The comparison record also highlights an unusual combination: a minimal orthogonal tree, blue-emphasized detached labels, four-way direction switching, per-line placement and anchor rewrites, first-bend control, and graph-level offset and radius controls in the same floating panel. That makes this example a stronger starting point for label-legibility work than for general line styling or graph editing.

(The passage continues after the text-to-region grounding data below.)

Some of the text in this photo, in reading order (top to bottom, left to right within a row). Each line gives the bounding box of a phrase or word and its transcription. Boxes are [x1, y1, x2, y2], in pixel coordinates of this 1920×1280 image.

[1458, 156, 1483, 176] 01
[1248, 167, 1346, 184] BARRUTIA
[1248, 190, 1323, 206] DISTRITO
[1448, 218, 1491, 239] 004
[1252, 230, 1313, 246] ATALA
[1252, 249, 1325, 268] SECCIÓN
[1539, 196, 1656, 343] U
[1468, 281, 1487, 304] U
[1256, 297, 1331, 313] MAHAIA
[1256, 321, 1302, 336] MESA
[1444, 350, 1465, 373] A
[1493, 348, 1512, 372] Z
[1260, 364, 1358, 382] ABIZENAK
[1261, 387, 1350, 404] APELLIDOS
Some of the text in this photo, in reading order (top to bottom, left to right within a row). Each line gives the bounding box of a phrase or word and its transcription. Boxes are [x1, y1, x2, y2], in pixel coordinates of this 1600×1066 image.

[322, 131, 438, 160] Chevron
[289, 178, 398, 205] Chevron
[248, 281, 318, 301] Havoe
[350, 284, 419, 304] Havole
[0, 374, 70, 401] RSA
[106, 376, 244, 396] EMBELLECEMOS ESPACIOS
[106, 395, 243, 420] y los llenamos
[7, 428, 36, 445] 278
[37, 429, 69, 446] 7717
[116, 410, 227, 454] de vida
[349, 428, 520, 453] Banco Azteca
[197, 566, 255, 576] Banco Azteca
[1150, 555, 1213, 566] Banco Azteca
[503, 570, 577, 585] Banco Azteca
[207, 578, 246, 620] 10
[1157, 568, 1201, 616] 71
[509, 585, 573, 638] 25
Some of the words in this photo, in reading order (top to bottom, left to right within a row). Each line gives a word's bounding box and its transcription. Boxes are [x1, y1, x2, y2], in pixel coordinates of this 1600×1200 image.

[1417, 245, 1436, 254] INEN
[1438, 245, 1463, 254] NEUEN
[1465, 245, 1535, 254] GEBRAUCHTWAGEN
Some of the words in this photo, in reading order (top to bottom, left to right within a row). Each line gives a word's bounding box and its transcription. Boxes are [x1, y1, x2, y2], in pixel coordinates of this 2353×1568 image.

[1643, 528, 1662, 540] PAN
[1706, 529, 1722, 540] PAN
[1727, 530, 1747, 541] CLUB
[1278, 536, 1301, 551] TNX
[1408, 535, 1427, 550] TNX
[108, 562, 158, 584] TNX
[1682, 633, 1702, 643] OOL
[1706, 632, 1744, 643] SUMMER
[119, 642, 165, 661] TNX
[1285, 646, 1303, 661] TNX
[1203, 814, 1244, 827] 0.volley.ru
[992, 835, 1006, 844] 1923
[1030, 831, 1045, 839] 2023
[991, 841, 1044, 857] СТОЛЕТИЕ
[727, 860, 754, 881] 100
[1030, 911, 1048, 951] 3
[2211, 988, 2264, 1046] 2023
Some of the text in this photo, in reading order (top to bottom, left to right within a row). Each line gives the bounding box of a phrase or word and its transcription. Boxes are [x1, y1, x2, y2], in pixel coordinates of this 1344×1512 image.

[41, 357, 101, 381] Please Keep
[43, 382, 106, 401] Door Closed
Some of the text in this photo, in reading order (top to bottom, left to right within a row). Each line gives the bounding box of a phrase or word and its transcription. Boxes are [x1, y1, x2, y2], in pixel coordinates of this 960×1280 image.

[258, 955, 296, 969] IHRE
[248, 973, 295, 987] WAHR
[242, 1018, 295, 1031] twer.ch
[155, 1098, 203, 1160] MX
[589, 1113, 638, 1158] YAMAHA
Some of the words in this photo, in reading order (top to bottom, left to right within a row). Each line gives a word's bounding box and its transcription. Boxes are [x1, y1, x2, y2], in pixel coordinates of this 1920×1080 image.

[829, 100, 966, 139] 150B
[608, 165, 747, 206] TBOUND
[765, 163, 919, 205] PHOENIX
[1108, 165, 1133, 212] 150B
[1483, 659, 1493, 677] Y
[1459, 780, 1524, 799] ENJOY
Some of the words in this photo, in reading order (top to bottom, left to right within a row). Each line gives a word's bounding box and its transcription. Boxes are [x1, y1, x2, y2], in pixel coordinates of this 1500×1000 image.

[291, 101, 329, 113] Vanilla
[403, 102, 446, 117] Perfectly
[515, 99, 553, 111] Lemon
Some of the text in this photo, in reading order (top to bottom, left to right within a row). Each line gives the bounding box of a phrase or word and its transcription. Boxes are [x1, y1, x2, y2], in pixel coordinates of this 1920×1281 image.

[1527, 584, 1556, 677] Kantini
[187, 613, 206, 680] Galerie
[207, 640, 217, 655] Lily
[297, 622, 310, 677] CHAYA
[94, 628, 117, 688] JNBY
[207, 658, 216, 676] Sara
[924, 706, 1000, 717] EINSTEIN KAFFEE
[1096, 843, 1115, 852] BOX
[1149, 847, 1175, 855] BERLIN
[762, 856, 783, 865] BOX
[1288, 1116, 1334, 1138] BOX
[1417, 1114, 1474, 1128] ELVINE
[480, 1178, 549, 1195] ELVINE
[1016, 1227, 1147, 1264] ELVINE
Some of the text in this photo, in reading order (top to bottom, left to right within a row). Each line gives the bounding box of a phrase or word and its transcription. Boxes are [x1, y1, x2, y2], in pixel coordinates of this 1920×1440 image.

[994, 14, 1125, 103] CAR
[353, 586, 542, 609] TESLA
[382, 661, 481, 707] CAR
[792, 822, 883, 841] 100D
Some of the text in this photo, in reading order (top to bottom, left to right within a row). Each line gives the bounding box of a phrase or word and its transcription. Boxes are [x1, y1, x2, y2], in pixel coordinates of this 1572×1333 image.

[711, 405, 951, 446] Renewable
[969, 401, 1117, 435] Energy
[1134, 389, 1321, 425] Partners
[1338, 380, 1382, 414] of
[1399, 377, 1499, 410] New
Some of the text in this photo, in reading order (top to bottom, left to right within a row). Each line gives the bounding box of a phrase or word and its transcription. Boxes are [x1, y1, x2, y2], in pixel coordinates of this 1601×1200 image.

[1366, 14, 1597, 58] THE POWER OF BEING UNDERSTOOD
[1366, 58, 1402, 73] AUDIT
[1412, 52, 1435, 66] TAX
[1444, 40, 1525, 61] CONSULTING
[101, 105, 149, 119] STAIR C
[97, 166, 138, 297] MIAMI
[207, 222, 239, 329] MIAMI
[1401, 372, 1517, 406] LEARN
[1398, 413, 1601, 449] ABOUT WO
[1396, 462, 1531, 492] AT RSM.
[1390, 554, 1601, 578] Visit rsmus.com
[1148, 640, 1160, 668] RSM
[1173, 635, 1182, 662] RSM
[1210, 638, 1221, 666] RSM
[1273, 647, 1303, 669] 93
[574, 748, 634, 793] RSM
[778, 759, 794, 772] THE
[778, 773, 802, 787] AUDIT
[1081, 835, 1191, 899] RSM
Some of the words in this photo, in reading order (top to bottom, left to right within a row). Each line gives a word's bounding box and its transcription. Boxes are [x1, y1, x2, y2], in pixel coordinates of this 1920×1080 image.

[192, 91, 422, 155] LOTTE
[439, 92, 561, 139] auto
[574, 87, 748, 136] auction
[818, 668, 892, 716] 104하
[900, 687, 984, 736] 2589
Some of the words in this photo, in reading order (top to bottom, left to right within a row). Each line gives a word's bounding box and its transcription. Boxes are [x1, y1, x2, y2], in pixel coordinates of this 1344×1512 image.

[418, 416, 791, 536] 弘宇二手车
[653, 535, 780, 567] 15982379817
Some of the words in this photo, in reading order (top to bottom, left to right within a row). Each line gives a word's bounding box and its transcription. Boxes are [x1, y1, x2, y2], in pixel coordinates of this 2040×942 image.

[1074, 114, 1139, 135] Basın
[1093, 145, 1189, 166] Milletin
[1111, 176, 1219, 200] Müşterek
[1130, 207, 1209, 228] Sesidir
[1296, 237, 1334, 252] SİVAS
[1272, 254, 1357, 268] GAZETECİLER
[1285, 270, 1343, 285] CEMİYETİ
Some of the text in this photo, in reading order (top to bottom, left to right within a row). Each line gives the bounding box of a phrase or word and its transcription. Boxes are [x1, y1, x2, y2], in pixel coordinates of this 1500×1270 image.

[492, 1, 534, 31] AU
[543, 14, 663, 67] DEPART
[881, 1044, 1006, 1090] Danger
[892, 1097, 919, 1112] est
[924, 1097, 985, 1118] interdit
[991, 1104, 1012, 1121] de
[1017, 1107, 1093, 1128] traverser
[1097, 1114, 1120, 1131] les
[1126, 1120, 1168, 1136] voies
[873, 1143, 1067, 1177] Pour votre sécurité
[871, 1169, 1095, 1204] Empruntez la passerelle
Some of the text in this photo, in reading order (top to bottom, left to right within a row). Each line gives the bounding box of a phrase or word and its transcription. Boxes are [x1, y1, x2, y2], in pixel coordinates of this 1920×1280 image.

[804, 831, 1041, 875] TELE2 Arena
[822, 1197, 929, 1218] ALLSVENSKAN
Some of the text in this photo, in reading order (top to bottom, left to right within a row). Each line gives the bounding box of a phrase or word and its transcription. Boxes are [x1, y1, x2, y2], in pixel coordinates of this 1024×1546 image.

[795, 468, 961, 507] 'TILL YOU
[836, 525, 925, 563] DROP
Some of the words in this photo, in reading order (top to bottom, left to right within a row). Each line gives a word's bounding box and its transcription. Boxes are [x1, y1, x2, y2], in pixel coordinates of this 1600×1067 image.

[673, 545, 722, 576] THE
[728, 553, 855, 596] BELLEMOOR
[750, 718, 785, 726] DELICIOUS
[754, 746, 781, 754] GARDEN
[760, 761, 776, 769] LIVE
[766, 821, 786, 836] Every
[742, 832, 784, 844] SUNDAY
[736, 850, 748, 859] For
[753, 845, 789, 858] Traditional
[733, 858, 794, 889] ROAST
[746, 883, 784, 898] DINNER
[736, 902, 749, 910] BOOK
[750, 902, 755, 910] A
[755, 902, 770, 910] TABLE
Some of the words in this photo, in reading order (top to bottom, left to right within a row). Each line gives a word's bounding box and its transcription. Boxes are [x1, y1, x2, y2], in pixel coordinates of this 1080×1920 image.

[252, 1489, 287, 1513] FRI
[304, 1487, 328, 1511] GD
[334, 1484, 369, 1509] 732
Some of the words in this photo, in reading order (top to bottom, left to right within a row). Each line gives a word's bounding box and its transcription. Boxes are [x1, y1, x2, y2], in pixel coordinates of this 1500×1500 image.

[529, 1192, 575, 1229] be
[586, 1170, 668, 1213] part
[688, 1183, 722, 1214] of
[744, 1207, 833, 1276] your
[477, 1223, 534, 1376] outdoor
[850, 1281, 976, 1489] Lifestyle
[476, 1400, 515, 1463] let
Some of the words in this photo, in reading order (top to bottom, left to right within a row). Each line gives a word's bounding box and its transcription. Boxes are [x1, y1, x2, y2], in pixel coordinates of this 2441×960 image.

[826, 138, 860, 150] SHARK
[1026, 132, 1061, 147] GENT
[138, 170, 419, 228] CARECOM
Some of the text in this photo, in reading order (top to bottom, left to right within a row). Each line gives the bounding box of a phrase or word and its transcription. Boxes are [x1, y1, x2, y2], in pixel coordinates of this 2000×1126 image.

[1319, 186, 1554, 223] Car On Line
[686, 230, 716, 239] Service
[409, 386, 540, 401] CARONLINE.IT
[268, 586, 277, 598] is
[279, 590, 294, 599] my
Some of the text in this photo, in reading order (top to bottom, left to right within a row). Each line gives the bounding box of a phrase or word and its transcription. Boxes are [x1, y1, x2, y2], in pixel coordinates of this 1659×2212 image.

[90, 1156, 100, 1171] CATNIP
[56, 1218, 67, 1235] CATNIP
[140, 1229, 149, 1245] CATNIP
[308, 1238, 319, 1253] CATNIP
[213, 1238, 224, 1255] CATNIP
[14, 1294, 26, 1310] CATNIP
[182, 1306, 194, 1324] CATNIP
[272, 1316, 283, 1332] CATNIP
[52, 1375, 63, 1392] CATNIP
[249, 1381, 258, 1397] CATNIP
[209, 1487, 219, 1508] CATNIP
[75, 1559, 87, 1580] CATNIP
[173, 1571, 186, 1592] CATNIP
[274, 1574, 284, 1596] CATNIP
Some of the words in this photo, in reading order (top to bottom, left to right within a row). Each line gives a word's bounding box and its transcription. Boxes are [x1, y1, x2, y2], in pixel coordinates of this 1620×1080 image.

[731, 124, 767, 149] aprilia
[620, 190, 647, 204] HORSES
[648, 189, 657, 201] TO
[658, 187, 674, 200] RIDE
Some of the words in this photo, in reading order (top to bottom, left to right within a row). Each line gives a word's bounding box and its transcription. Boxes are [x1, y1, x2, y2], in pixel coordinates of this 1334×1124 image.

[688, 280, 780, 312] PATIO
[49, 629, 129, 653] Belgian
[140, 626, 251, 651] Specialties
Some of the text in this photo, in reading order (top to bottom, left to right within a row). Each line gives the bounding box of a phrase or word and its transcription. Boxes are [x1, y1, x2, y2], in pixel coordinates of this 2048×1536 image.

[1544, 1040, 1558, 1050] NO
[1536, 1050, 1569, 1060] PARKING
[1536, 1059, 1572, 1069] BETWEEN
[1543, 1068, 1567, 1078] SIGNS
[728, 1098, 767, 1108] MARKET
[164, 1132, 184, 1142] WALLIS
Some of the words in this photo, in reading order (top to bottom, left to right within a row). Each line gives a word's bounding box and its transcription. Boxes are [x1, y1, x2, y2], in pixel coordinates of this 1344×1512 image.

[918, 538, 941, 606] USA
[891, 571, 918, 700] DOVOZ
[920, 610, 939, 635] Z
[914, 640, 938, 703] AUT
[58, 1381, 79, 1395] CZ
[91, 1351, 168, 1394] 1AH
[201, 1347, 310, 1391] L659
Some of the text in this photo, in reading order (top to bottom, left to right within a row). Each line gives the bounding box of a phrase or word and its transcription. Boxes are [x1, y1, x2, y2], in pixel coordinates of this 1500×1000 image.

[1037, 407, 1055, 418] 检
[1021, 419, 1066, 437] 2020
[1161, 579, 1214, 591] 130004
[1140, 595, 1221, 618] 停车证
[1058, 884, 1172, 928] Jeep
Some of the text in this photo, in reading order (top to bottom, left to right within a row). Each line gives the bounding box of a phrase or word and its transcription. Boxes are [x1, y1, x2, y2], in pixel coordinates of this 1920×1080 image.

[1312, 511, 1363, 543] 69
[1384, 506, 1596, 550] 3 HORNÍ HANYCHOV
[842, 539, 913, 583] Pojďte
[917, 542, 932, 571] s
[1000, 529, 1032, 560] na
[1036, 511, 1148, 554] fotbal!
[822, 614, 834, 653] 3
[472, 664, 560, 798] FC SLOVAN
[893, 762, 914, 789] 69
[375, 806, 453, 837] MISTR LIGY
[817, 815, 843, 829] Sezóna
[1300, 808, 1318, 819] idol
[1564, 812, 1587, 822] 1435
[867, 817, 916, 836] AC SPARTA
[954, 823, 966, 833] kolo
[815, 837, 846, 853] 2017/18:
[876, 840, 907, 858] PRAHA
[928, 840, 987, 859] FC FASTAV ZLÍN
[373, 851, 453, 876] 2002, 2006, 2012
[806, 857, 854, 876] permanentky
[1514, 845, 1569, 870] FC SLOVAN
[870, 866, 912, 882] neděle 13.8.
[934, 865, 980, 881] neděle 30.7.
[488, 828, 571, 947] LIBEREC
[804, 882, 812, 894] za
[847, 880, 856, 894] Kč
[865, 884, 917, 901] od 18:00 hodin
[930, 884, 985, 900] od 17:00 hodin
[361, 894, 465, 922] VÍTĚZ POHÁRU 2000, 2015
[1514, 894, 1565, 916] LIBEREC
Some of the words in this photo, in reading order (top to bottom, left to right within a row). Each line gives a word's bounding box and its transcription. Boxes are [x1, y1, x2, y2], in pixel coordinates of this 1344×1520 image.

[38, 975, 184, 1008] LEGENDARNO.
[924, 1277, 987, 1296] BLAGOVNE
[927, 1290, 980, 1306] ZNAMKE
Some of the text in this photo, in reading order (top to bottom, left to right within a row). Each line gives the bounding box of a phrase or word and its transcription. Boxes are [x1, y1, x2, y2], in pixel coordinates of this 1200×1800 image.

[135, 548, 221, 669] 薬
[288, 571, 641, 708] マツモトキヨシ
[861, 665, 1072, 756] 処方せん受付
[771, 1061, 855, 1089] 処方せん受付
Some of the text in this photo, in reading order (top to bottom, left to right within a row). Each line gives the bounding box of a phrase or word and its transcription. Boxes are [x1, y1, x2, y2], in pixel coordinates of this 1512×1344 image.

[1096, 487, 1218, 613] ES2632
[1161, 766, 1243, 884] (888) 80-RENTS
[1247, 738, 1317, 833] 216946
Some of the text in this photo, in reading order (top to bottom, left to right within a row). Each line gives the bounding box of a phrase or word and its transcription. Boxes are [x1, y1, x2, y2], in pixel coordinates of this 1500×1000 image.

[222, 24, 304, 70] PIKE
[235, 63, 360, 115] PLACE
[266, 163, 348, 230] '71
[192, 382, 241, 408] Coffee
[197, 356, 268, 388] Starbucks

Where Else This Pattern Applies
This pattern transfers well to tree-shaped UIs where edge labels must remain readable after layout direction changes. Examples include org charts with role annotations, approval trees with decision labels, service dependency trees with protocol or ownership text, menu or taxonomy browsers with edge semantics, and workflow trees that need printed or exported screenshots. The reusable idea is to keep the data stable while exposing both graph-level defaults and per-line overrides, so teams can tune label readability before they commit to a final visual language.